Spatial localization data:
-*-
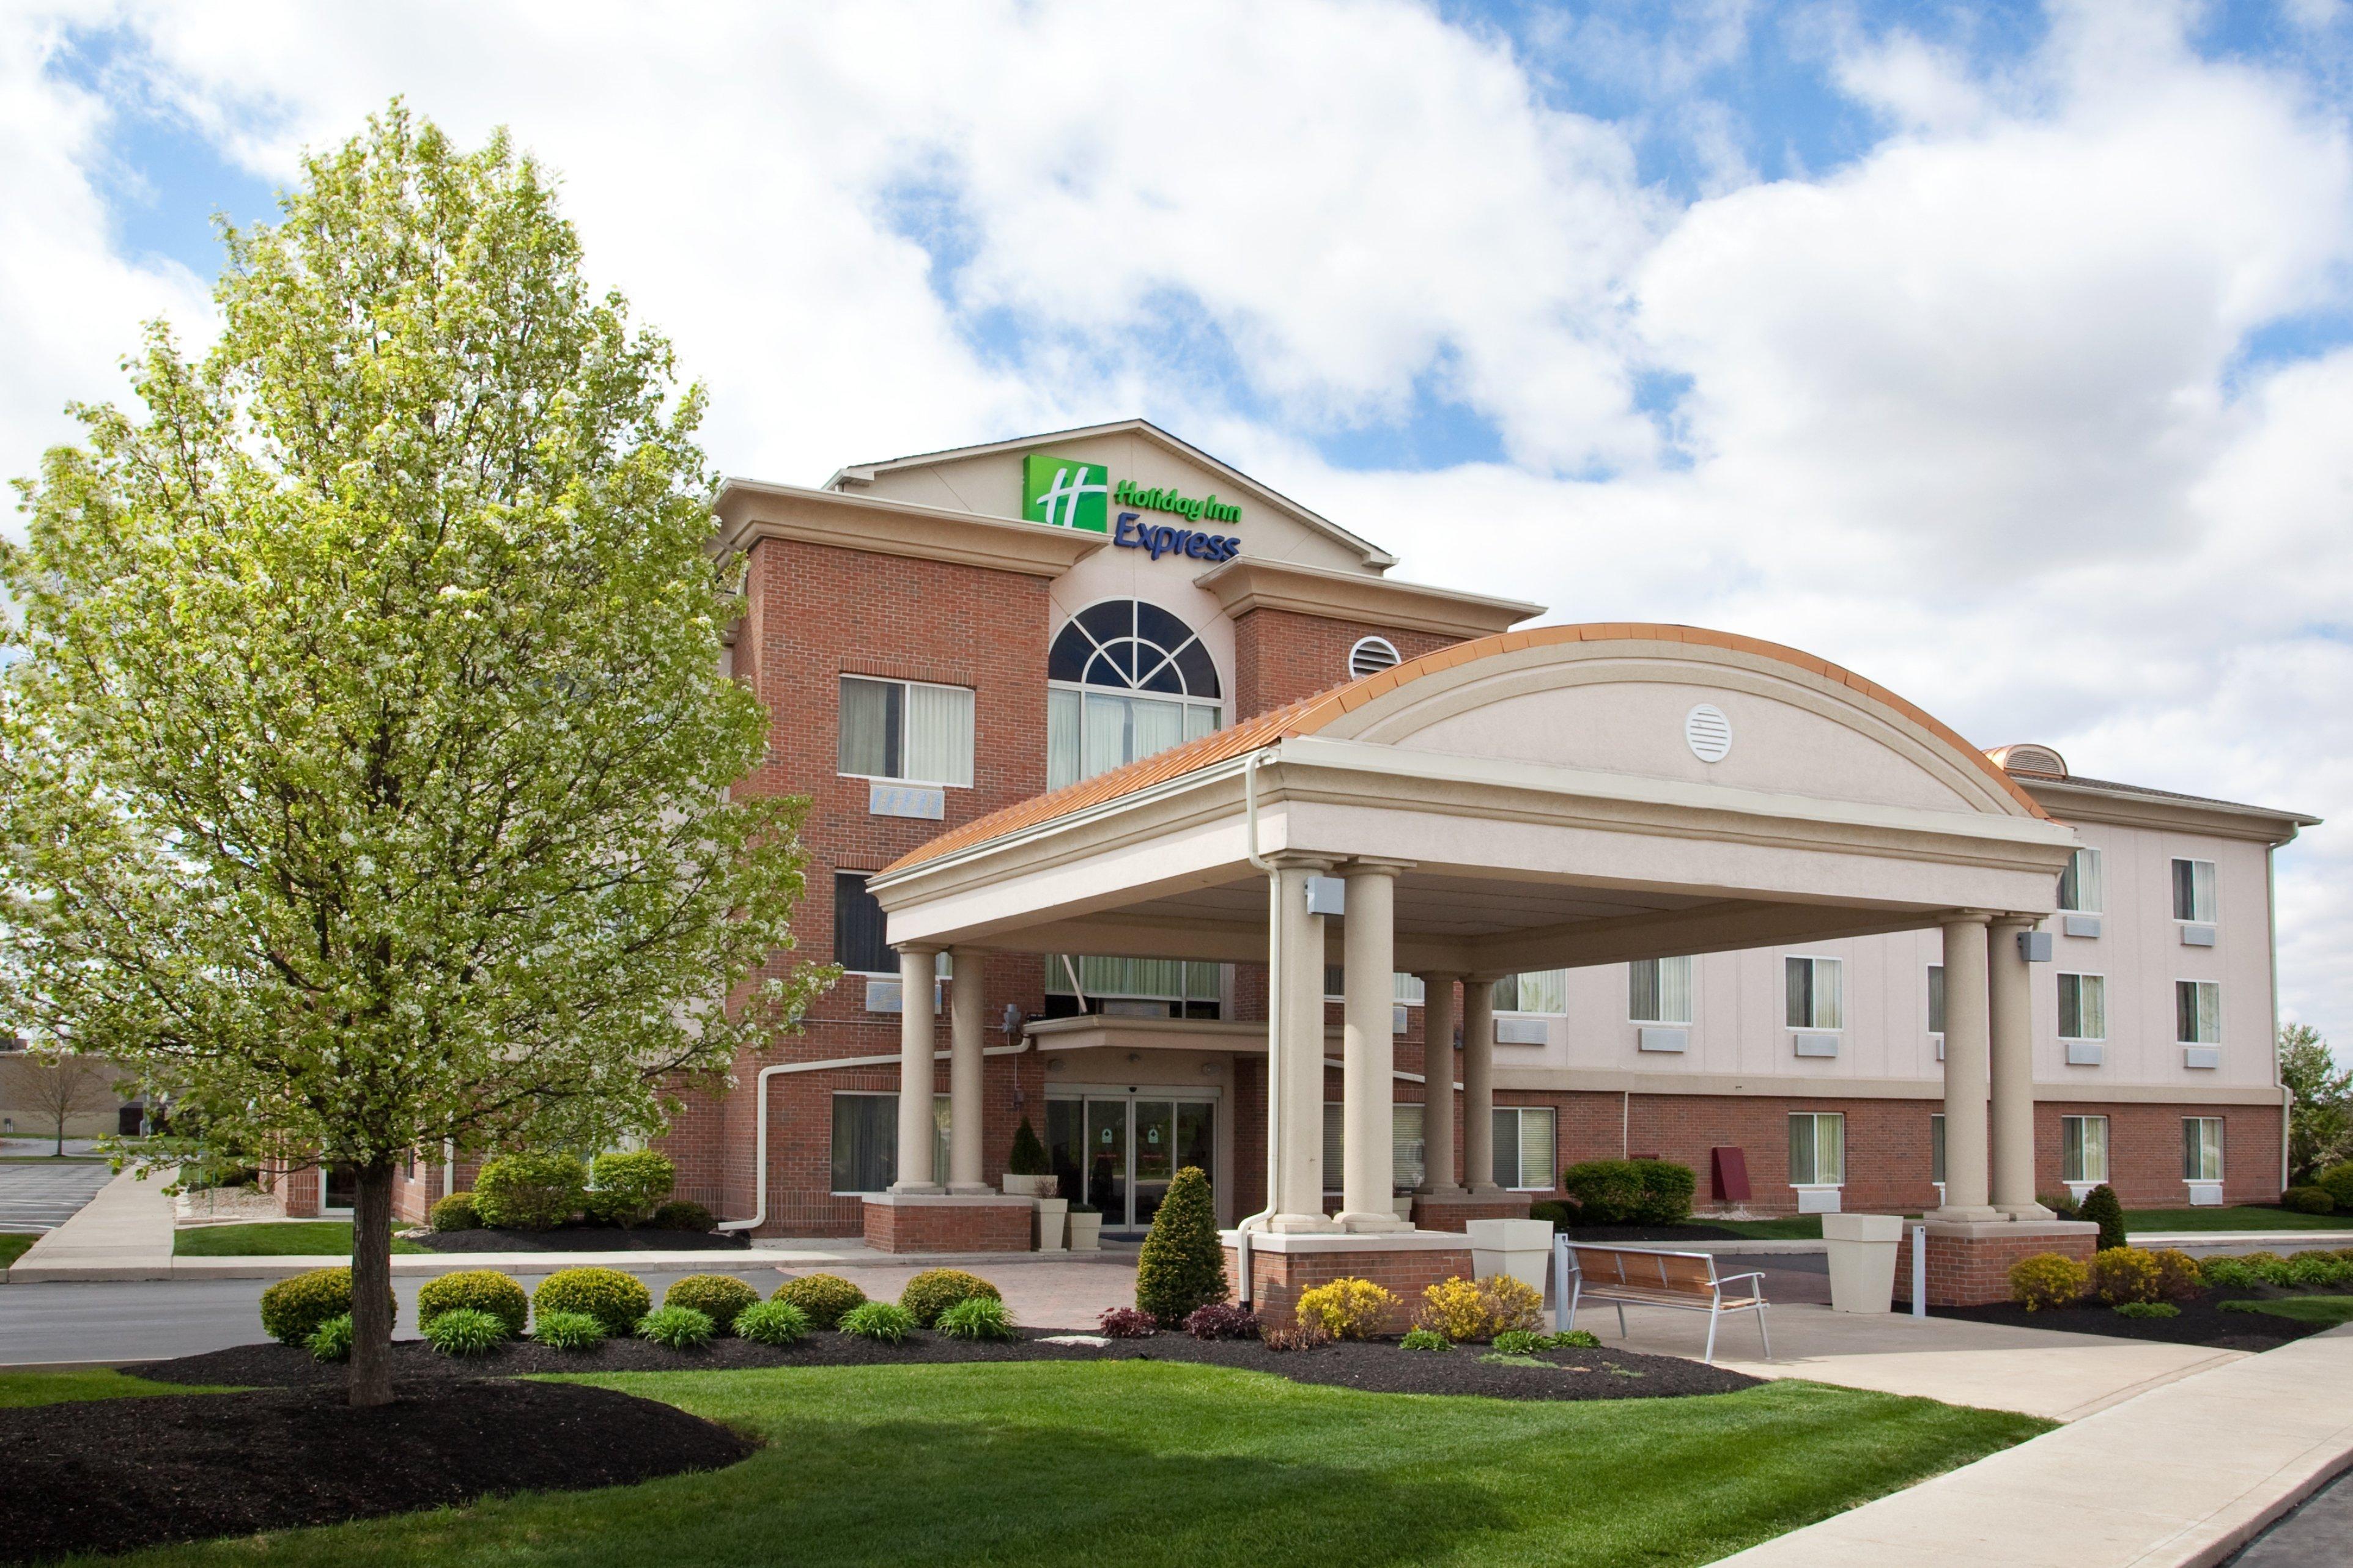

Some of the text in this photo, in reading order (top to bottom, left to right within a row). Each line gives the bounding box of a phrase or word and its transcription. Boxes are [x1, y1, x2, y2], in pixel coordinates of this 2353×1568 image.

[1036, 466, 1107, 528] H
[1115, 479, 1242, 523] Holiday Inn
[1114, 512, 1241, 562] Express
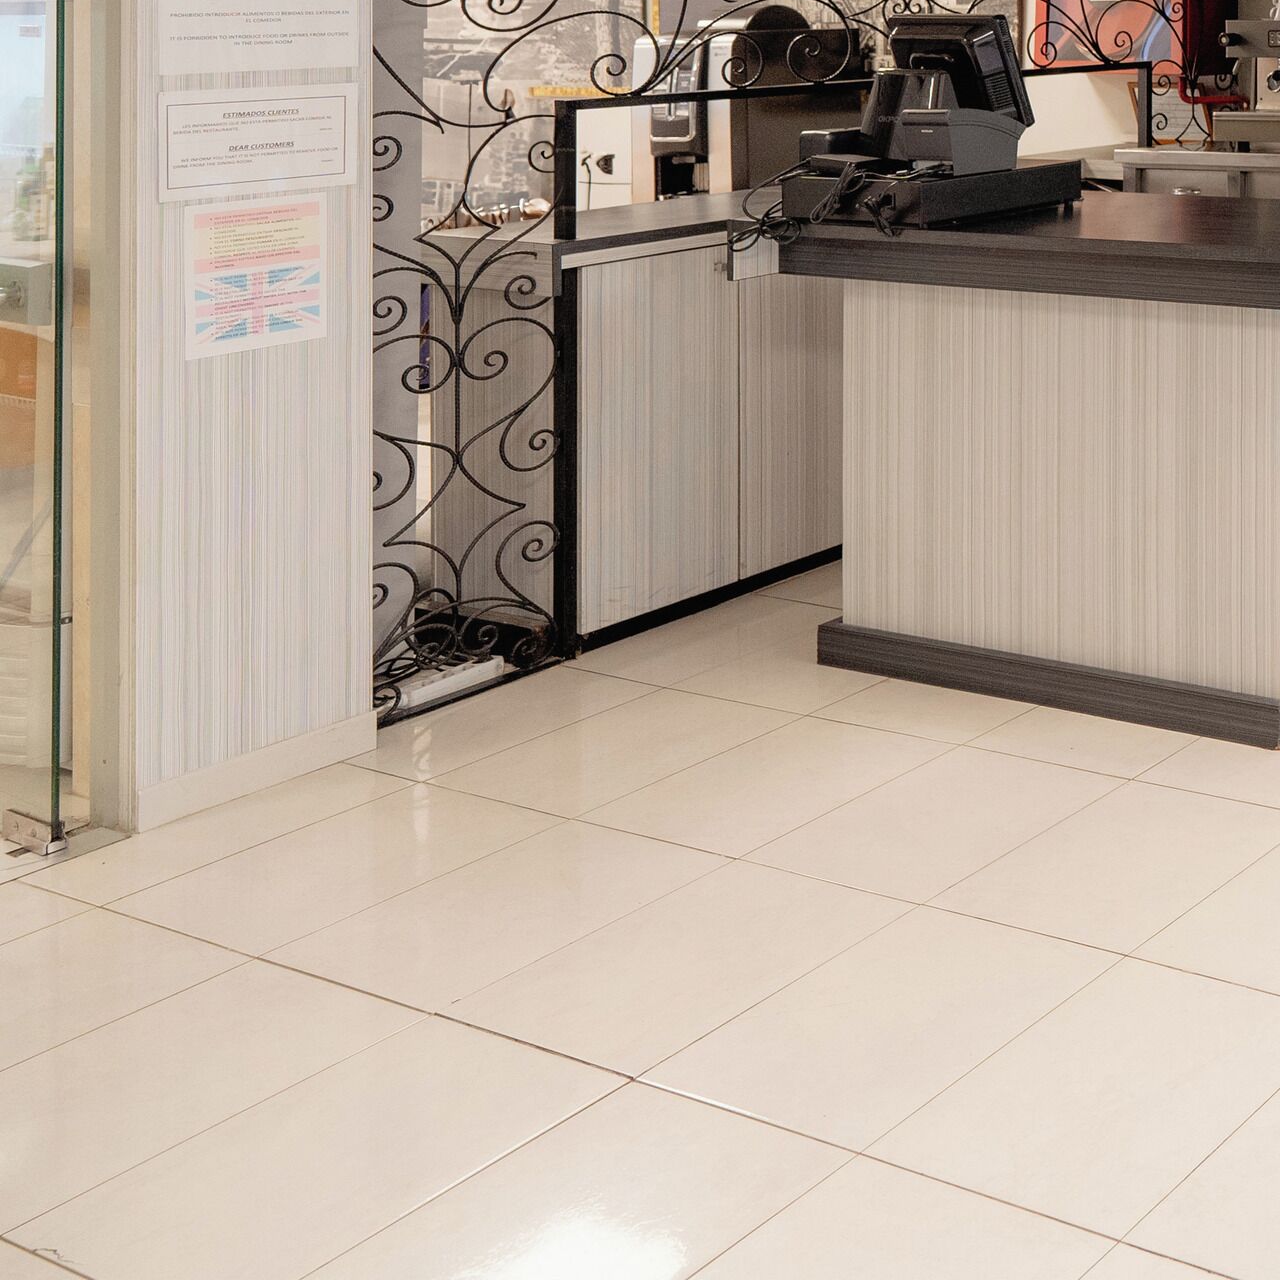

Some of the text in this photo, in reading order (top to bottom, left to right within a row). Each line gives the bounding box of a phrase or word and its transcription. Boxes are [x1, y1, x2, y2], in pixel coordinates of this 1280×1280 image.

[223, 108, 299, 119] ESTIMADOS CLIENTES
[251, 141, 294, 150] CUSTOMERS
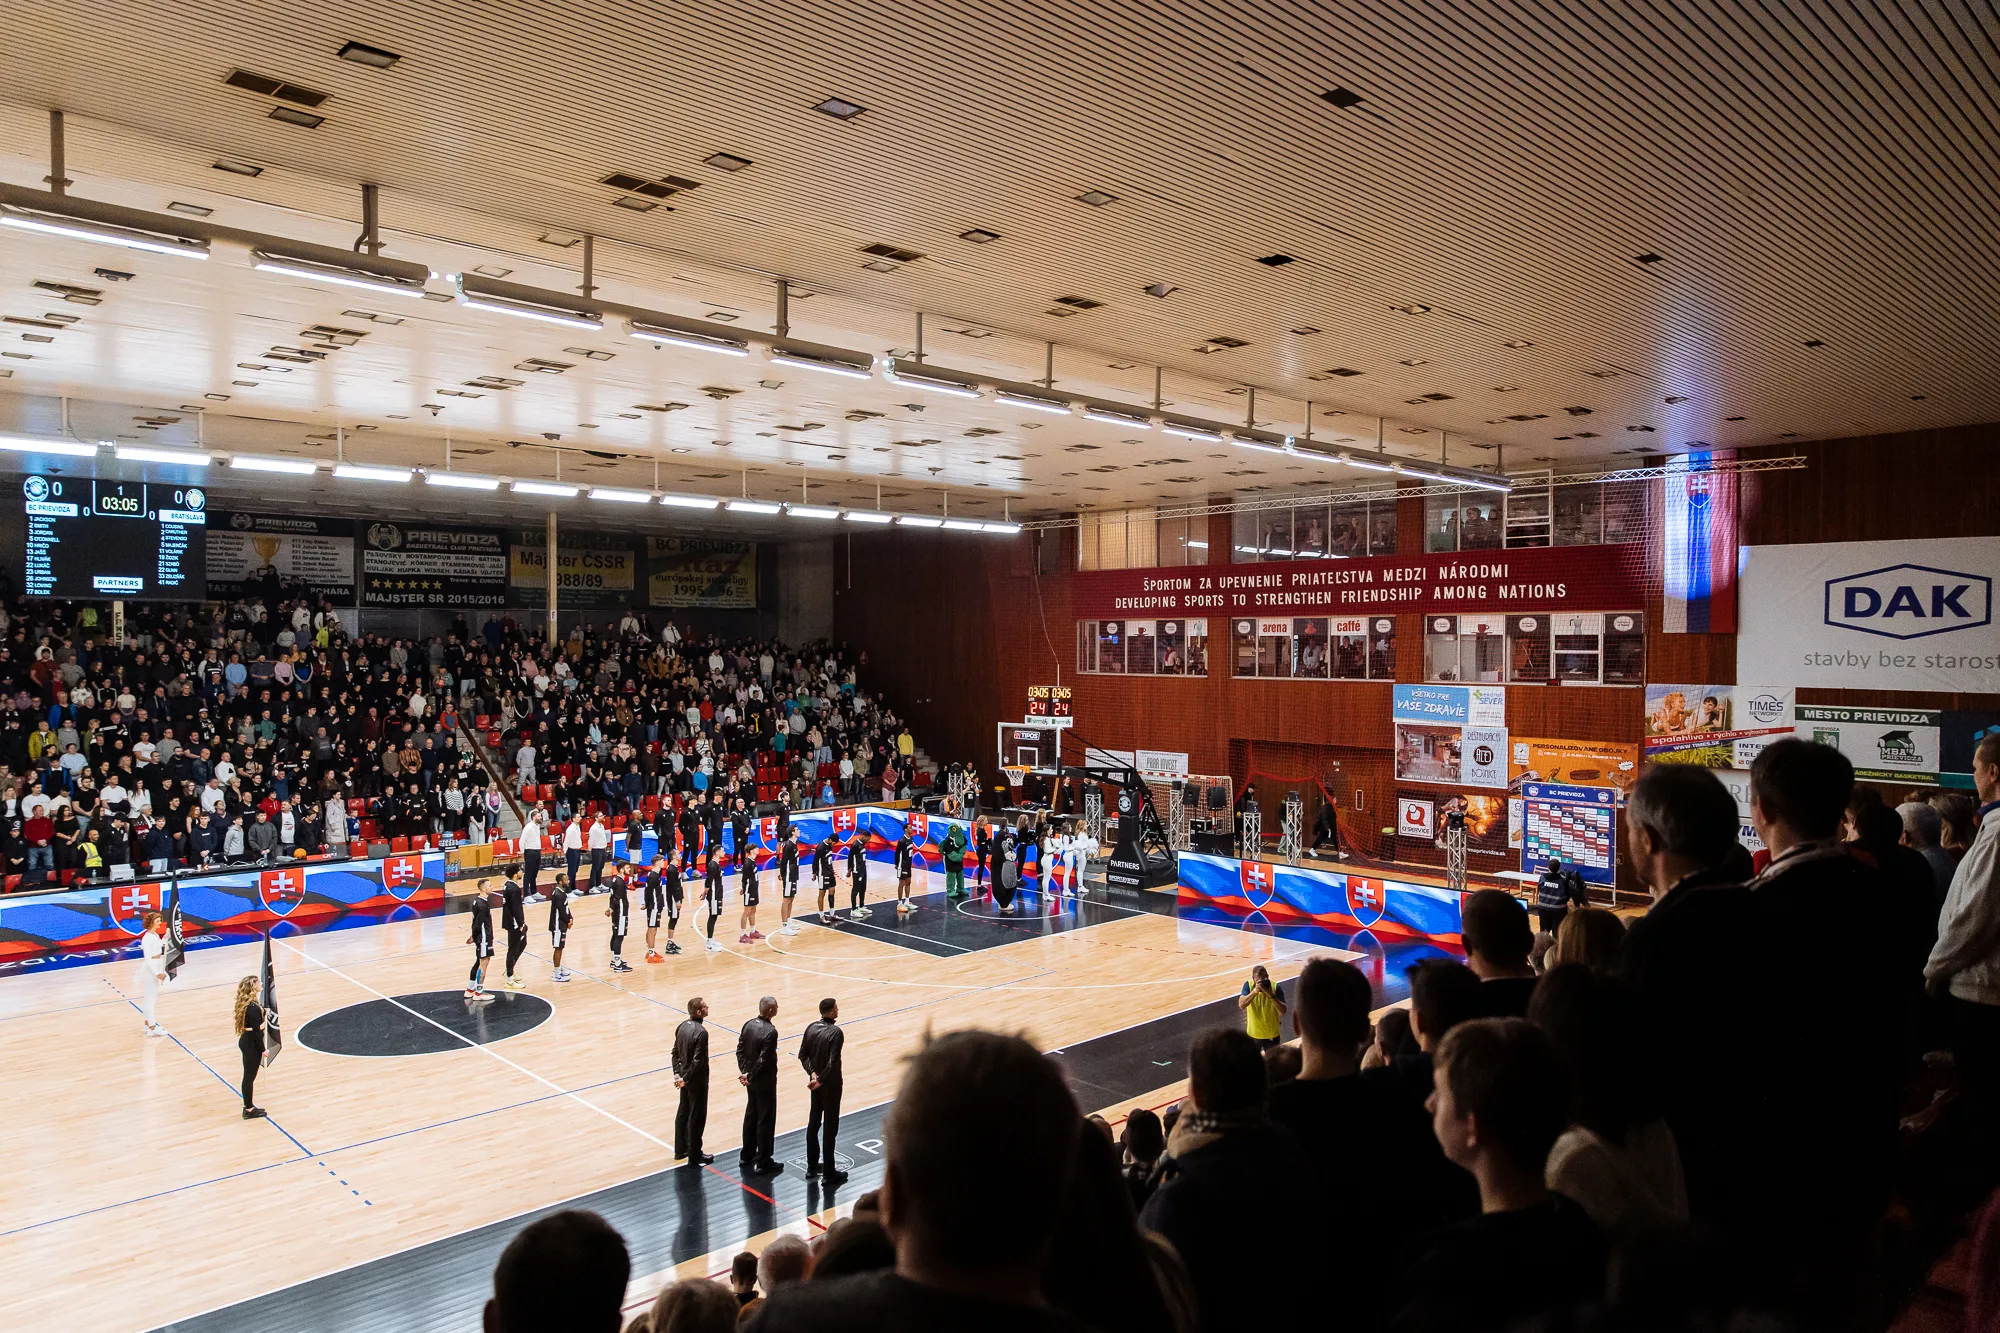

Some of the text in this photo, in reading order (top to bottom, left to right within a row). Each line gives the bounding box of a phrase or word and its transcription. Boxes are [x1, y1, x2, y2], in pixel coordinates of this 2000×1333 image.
-*-
■ ASSIGNMENT
Without the pictures, reproduce every record exactly as it appears above.

■ TASK ANSWER
Some of the text in this photo, in reading order (top to bottom, left to right within a row). Each line gives the bounding box of a phrase or word and its transcription. Boxes are [x1, y1, x2, y2], in pixel coordinates of this 2353×1568 image.

[1036, 466, 1107, 528] H
[1115, 479, 1242, 523] Holiday Inn
[1114, 512, 1241, 562] Express

Some of the text in this photo, in reading order (top to bottom, left to right within a row). Each line gives the bounding box of a phrase or word and its transcription. Boxes are [x1, y1, x2, y2], in pixel coordinates of this 1280×1280 image.

[223, 108, 299, 119] ESTIMADOS CLIENTES
[251, 141, 294, 150] CUSTOMERS

Some of the text in this photo, in reading order (top to bottom, left to right within a row). Each line gives the bounding box of a phrase or word and its transcription. Boxes are [x1, y1, x2, y2], in pixel coordinates of this 2000×1333 image.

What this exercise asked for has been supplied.